(June 25, 2013) — Long-serving workers of insolvent company pension schemes will receive improved pay-outs from the UK’s pensions lifeboat, under plans unveiled by the minister for pensions on Tuesday.
Under existing arrangements, all beneficiaries of the Pension Protection Fund (PPF) are entitled to a maximum annual pay-out of £31,380.
This, pensions minister Steve Webb said, unfairly hits those who have a history of long service, and therefore have saved more into their pension pot.
Webb proposed that the government should increase the maximum level for those receiving capped compensation by 3% for every year of service over 20 years, up to a maximum of double the standard pay-out rate.
This means someone who has contributed to a pension scheme for 40 years and accrued a pension of £50,000, only for the scheme to wind up and have insufficient funds to pay out, would receive £45,000 – rather than the current capped amount of £31,380.
Webb said in a statement: “It cannot be right that someone who has been with a company for much of their working life–and relies heavily on that for their pension income–gets the same in compensation as someone with far shorter service and who could also have other pension income to fall back on.
“I want to ensure that those who are or could be affected will in future have their long service recognised in the form of higher compensation.”
Those who stand to gain extra compensation will either already be in receipt of capped compensation or would have their pension capped when they come to pensionable age.
They will also need to have been a member of a scheme for 21 years or more when the scheme transferred to the PPF.
And the revised compensation cap will not be backdated: anyone covered by this change who is already in receipt of capped compensation will get the increase from the date the relevant legislation is in place.
While this is positive news for long-serving pensioners-to-be, so far nobody’s explained how the Department for Work and Pensions (DWP) plans to pay for this.

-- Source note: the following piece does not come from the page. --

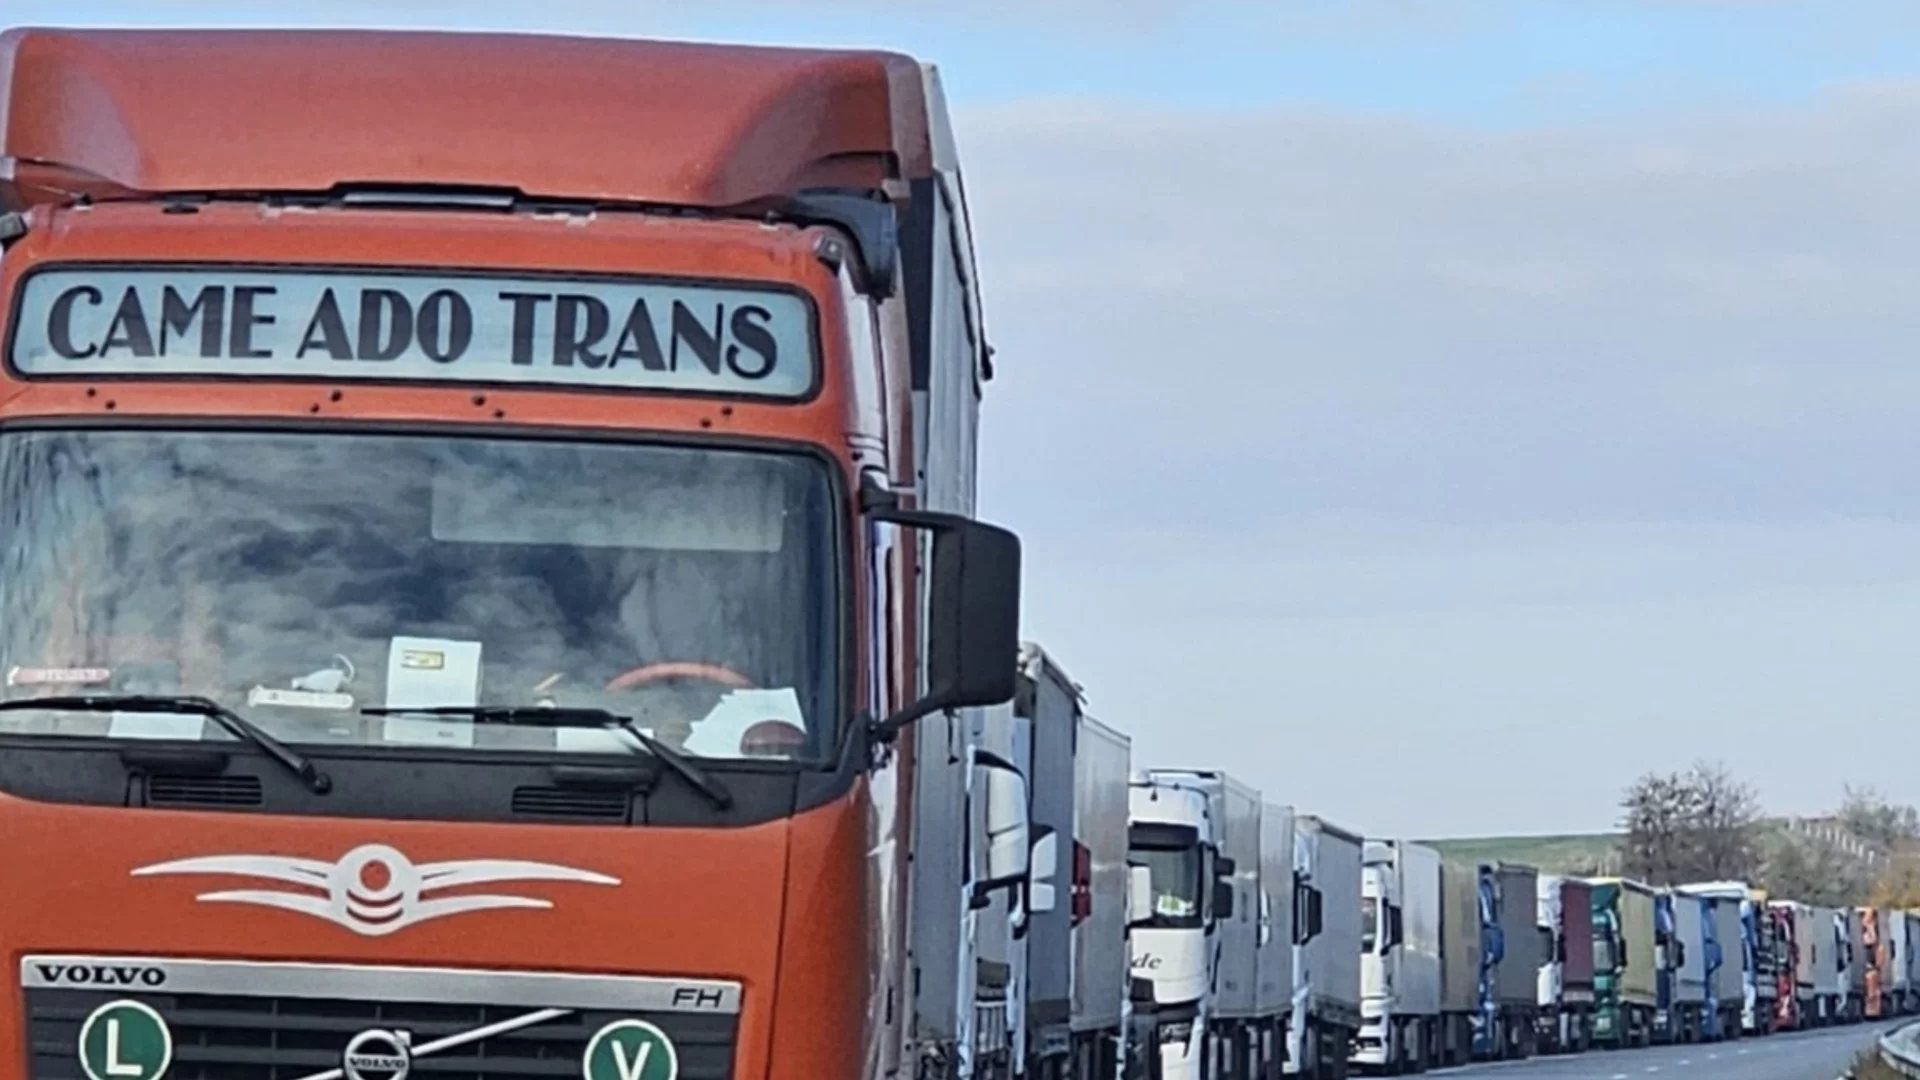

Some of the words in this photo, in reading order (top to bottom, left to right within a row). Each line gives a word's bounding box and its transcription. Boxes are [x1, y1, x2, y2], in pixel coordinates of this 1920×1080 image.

The obvious suggestion is for the PPF’s levy, applied to all eligible defined benefit schemes in the UK, will face an increase.
The levy is already facing a 10% hike, driven by a fall in gilt yields and the discovery that some contingent assets being used by companies to lessen their levy levels were not as strong as advisors had made them out to be.
When asked whether today’s announcement would result in a further increase, a PPF spokesperson said: “We will be looking at the implications for PPF members and levy payers of the applying the new compensation cap. We note the DWP figures on likely costs. We will be considering them once Parliament agrees the final form of any changes to the compensation cap and what the implications for the levy might therefore be.”